TASK BRIEF:
Give the lines again exactly as they appear below, from the line with "this 1600×1200 image." to the line with "this 2048×1536 image.", both included, and only those lines. Leave every picture out.

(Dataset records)
************

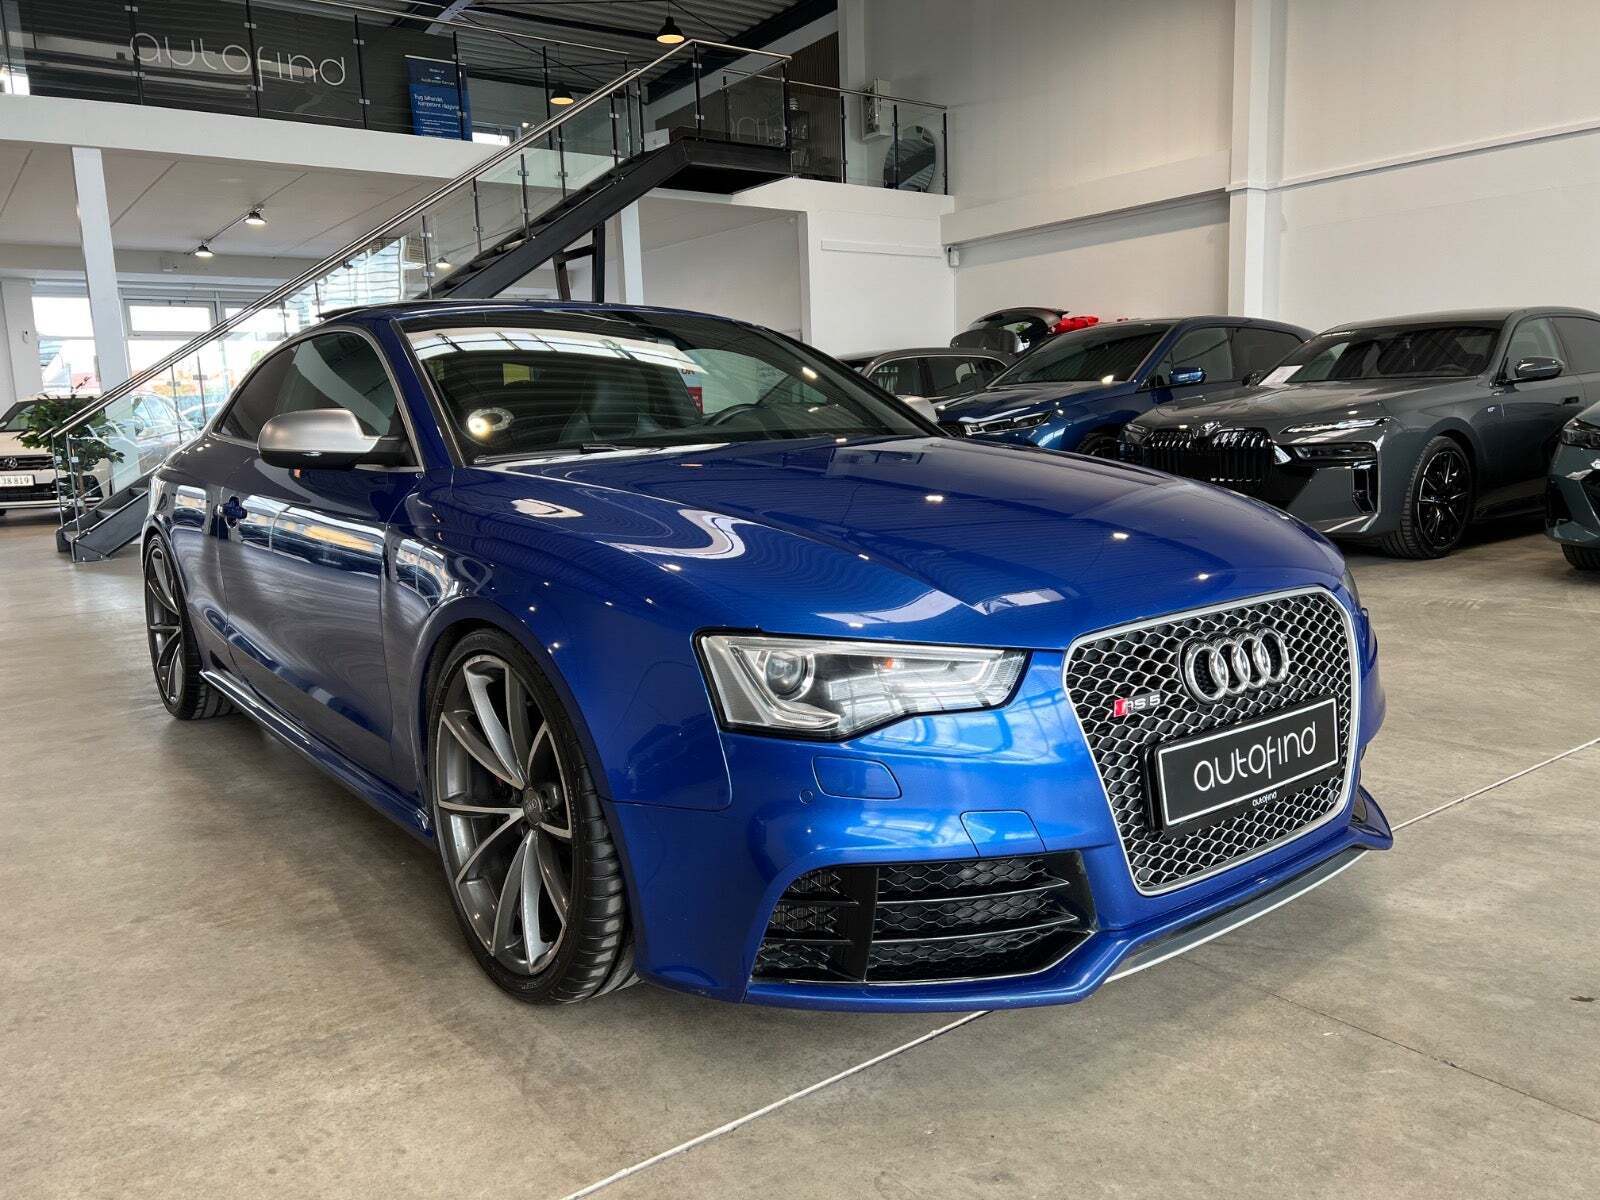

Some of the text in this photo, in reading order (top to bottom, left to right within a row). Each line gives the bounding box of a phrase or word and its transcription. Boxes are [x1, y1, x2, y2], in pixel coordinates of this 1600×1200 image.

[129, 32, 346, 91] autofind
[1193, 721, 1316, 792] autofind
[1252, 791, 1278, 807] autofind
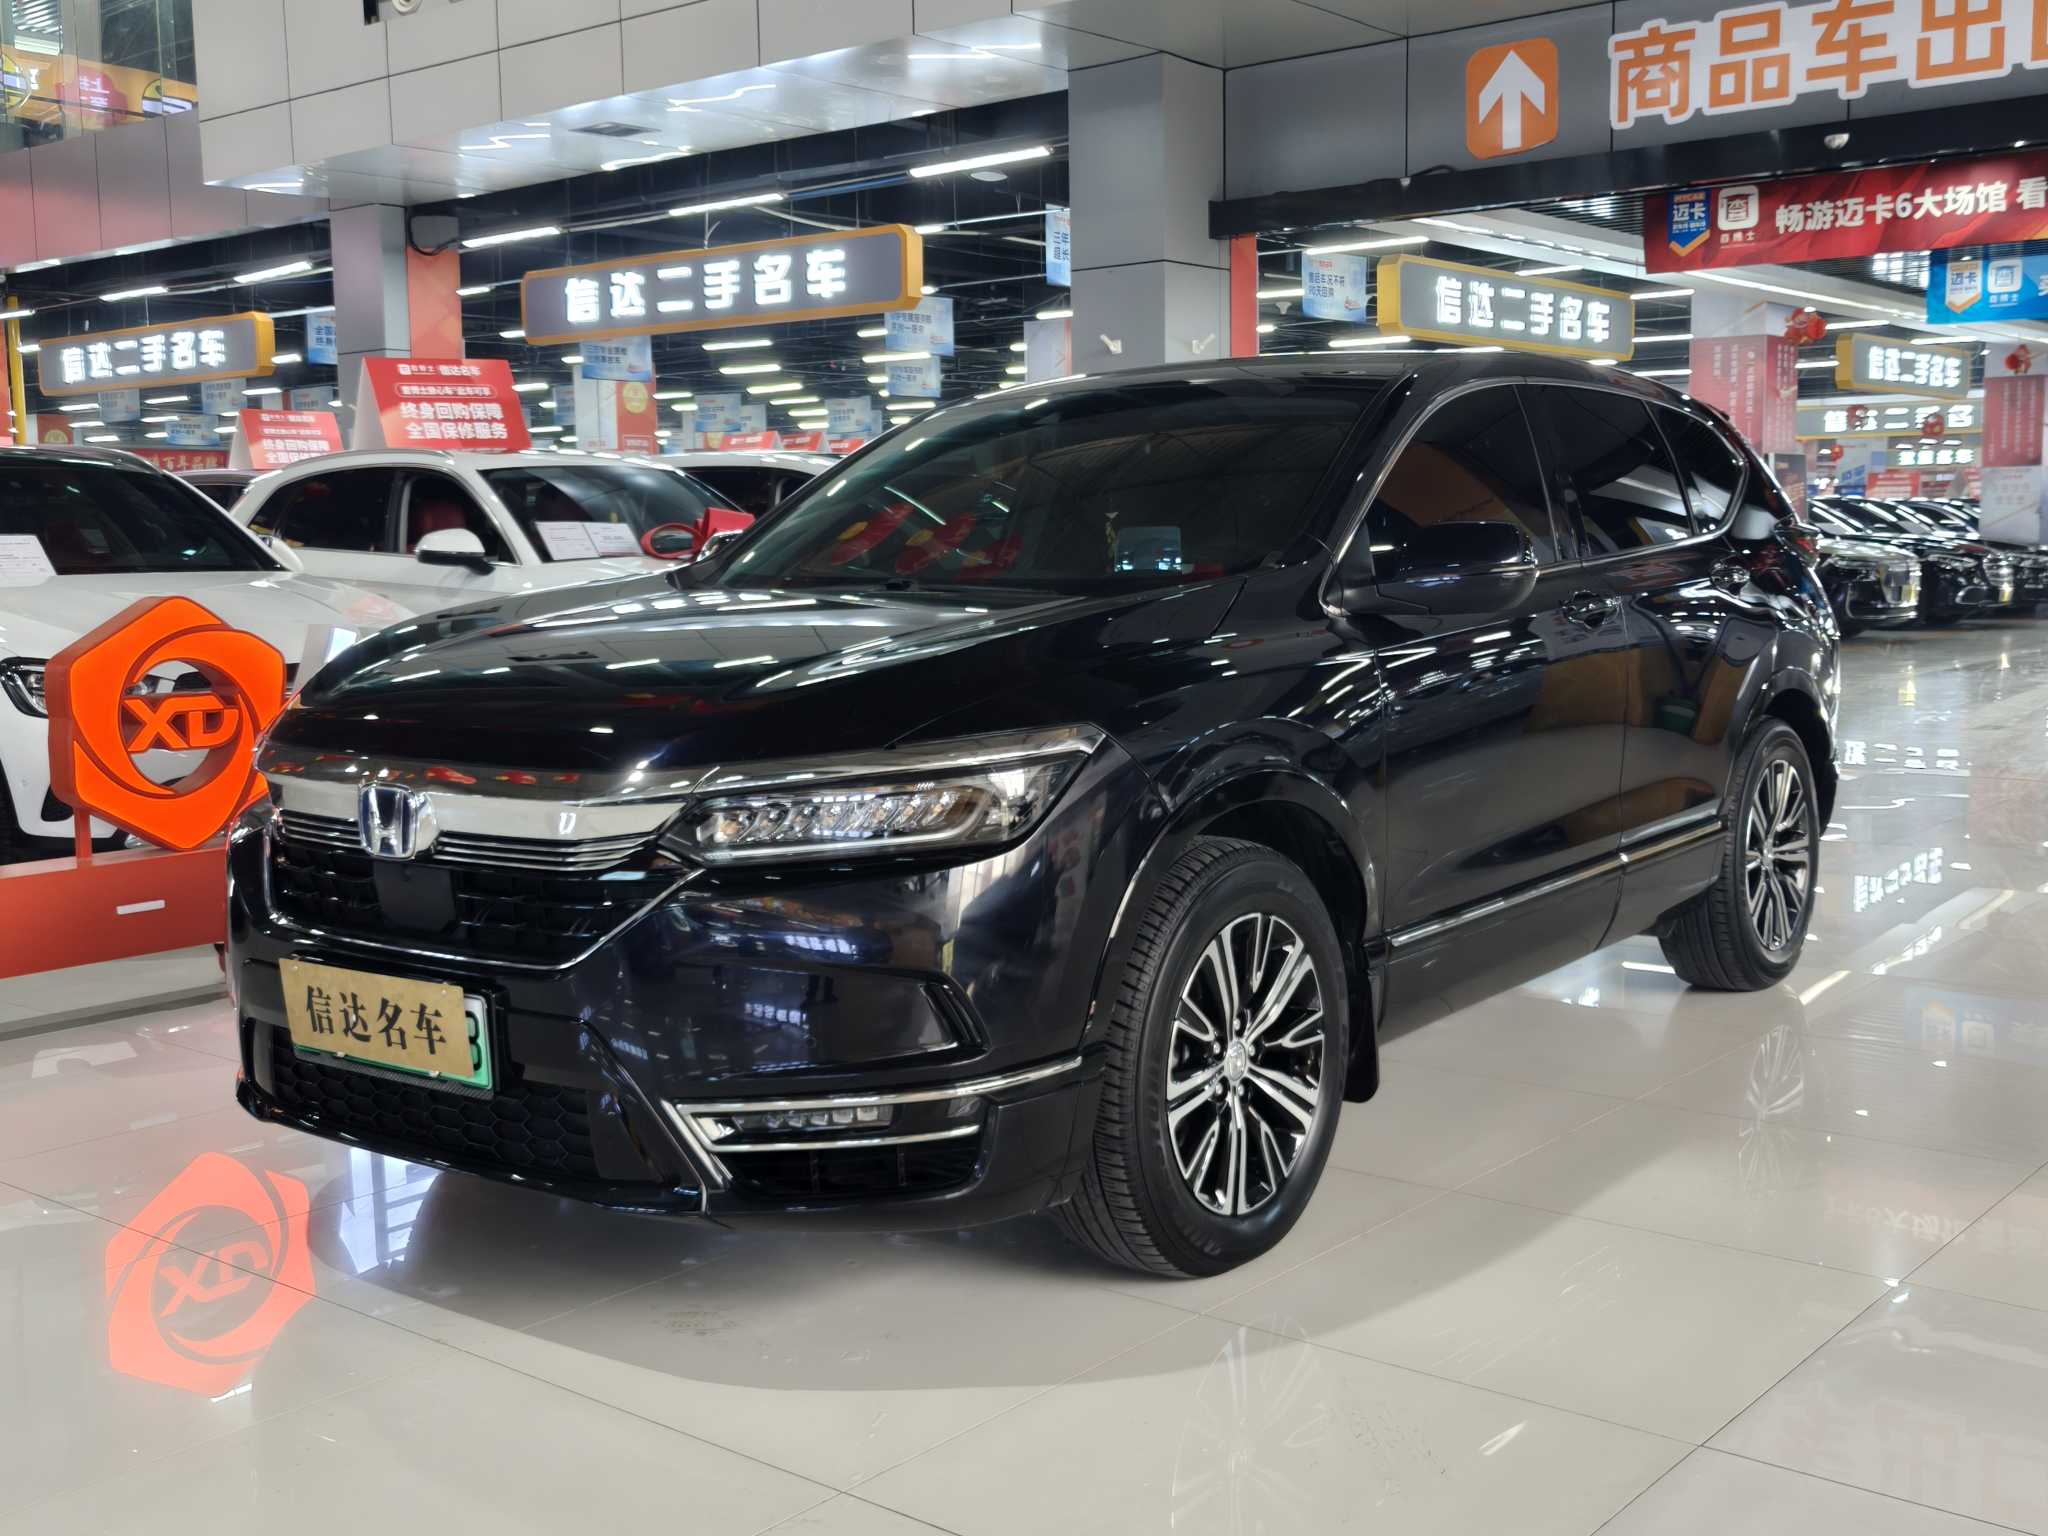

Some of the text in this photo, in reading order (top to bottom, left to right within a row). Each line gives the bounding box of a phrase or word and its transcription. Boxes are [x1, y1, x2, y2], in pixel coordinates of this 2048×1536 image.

************

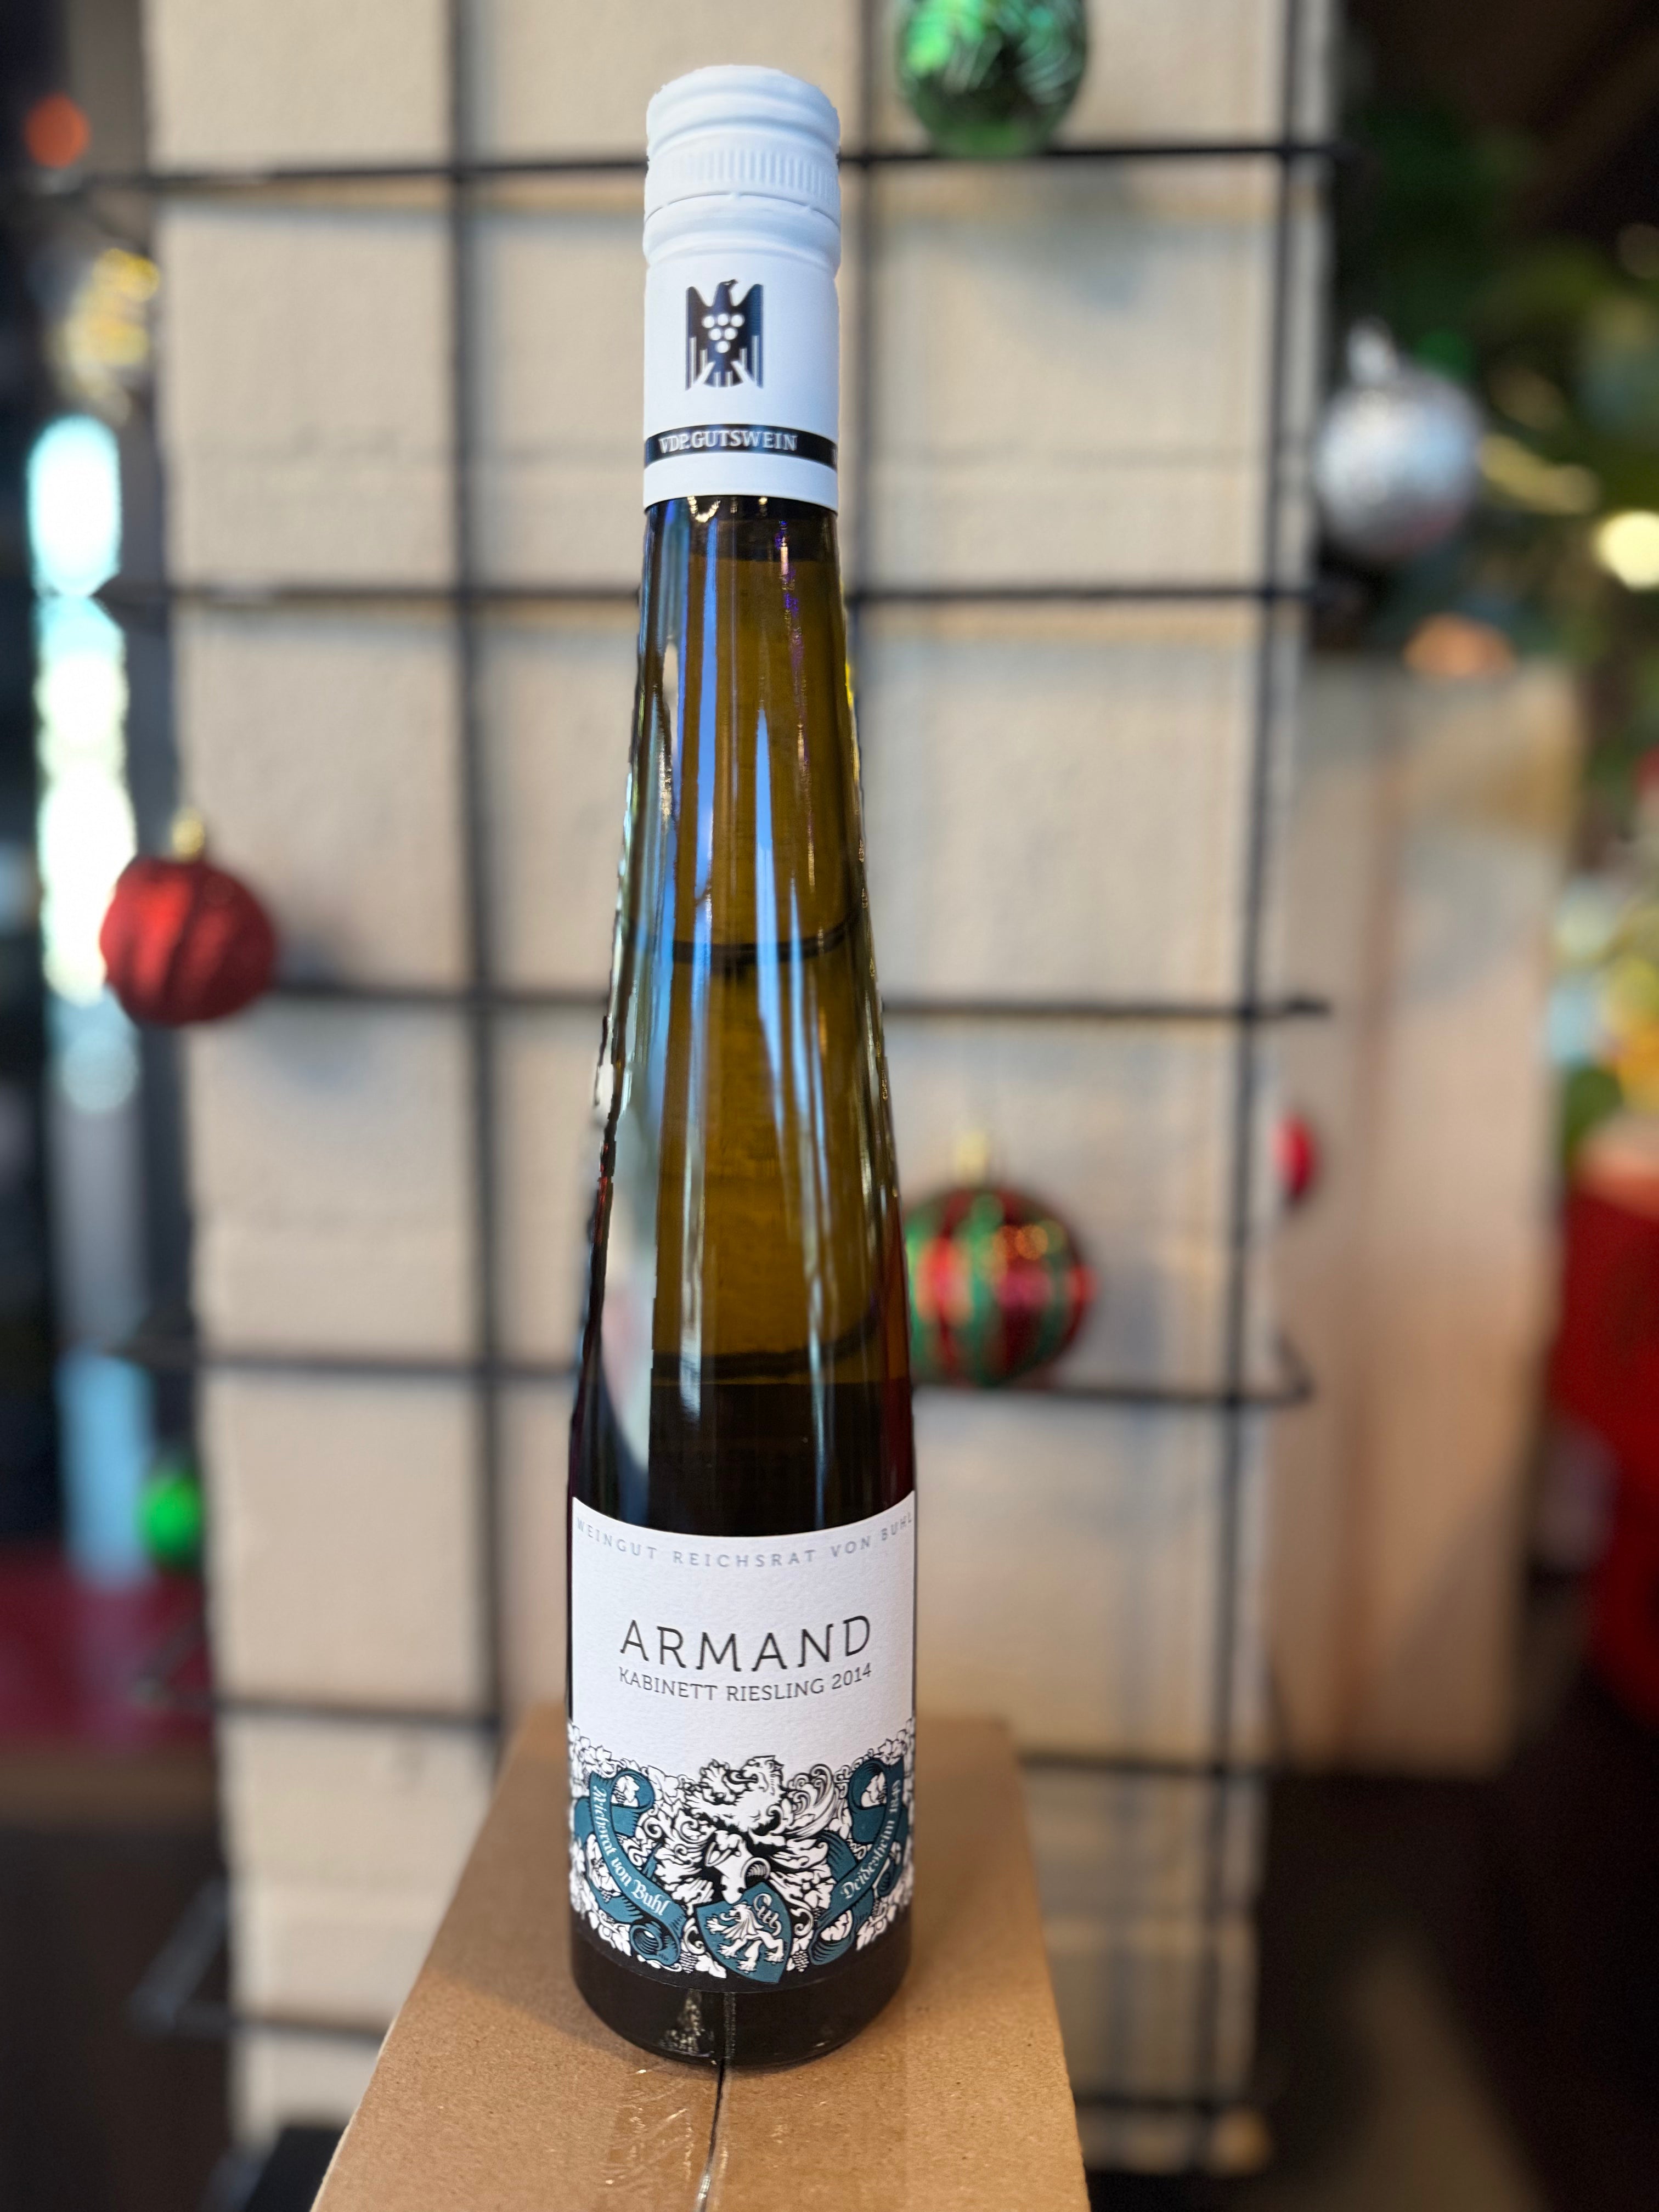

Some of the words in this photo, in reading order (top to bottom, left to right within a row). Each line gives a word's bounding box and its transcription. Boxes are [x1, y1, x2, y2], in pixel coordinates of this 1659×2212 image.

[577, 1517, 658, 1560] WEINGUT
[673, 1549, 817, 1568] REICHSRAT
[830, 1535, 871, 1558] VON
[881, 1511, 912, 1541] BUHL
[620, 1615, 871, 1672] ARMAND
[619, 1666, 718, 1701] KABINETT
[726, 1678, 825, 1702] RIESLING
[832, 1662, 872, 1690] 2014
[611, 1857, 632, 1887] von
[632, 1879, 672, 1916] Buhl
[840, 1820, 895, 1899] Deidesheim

************

THE ANSWER:
Some of the text in this photo, in reading order (top to bottom, left to right within a row). Each line gives the bounding box of a phrase or word and its transcription. Boxes are [x1, y1, x2, y2], in pixel coordinates of this 1600×1200 image.

[129, 32, 346, 91] autofind
[1193, 721, 1316, 792] autofind
[1252, 791, 1278, 807] autofind

Some of the text in this photo, in reading order (top to bottom, left to right within a row). Each line gives the bounding box of a phrase or word and its transcription. Boxes are [x1, y1, x2, y2], in pixel coordinates of this 2048×1536 image.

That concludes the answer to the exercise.